Exercise objective
Only the lines from the one that contains "this 1280×1279 image." through the last line of the records should appear, each printed exactly as it is.
=-=-=-=-=
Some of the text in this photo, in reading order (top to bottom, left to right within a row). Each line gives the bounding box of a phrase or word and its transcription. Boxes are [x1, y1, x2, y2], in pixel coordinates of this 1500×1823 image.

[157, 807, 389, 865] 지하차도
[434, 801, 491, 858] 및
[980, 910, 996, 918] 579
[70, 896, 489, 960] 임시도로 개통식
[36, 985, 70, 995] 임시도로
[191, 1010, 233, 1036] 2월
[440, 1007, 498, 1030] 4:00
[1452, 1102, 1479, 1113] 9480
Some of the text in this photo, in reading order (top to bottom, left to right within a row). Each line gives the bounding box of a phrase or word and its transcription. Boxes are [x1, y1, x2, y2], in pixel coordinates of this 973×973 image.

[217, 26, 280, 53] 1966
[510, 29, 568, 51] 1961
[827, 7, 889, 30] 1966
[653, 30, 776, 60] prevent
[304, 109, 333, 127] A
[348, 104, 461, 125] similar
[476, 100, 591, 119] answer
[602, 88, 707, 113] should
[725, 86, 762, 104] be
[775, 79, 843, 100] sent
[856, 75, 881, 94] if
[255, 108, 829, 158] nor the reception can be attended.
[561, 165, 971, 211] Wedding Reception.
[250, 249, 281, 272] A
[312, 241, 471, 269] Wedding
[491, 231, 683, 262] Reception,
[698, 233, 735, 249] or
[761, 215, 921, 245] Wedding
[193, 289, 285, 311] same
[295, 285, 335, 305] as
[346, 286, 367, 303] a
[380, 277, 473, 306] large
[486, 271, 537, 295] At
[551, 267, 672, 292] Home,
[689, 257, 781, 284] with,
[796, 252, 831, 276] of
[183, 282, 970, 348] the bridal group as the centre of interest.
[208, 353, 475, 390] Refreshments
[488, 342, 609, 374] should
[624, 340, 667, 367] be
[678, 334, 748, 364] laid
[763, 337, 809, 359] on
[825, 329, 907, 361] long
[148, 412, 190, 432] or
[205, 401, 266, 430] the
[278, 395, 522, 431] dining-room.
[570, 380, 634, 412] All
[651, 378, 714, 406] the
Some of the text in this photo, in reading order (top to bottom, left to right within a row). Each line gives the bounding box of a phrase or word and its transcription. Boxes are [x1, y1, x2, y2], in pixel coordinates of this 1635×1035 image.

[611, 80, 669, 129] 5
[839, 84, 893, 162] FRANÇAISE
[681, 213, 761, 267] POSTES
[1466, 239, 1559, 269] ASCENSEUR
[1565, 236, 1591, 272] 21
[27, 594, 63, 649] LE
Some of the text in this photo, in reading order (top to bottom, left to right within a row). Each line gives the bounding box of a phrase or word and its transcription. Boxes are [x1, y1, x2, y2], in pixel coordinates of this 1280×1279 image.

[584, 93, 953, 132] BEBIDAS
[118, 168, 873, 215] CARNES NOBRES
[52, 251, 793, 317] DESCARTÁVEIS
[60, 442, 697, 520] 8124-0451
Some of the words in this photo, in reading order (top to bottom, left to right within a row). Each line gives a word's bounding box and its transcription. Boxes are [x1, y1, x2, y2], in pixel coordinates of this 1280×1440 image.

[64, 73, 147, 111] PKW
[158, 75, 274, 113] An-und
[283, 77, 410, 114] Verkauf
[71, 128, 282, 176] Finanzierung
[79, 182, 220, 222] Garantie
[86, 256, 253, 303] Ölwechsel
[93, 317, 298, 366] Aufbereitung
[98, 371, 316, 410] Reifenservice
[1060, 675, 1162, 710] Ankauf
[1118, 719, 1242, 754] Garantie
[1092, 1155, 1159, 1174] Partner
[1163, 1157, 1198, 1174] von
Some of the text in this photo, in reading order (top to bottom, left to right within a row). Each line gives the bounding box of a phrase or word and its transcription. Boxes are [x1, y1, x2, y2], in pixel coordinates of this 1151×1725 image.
=-=-=-=-=
Finished exercise
Some of the text in this photo, in reading order (top to bottom, left to right within a row). Each line gives the bounding box of a phrase or word and its transcription. Boxes are [x1, y1, x2, y2], in pixel coordinates of this 1280×1279 image.

[584, 93, 953, 132] BEBIDAS
[118, 168, 873, 215] CARNES NOBRES
[52, 251, 793, 317] DESCARTÁVEIS
[60, 442, 697, 520] 8124-0451
Some of the words in this photo, in reading order (top to bottom, left to right within a row). Each line gives a word's bounding box and its transcription. Boxes are [x1, y1, x2, y2], in pixel coordinates of this 1280×1440 image.

[64, 73, 147, 111] PKW
[158, 75, 274, 113] An-und
[283, 77, 410, 114] Verkauf
[71, 128, 282, 176] Finanzierung
[79, 182, 220, 222] Garantie
[86, 256, 253, 303] Ölwechsel
[93, 317, 298, 366] Aufbereitung
[98, 371, 316, 410] Reifenservice
[1060, 675, 1162, 710] Ankauf
[1118, 719, 1242, 754] Garantie
[1092, 1155, 1159, 1174] Partner
[1163, 1157, 1198, 1174] von
Some of the text in this photo, in reading order (top to bottom, left to right within a row). Each line gives the bounding box of a phrase or word and its transcription. Boxes are [x1, y1, x2, y2], in pixel coordinates of this 1151×1725 image.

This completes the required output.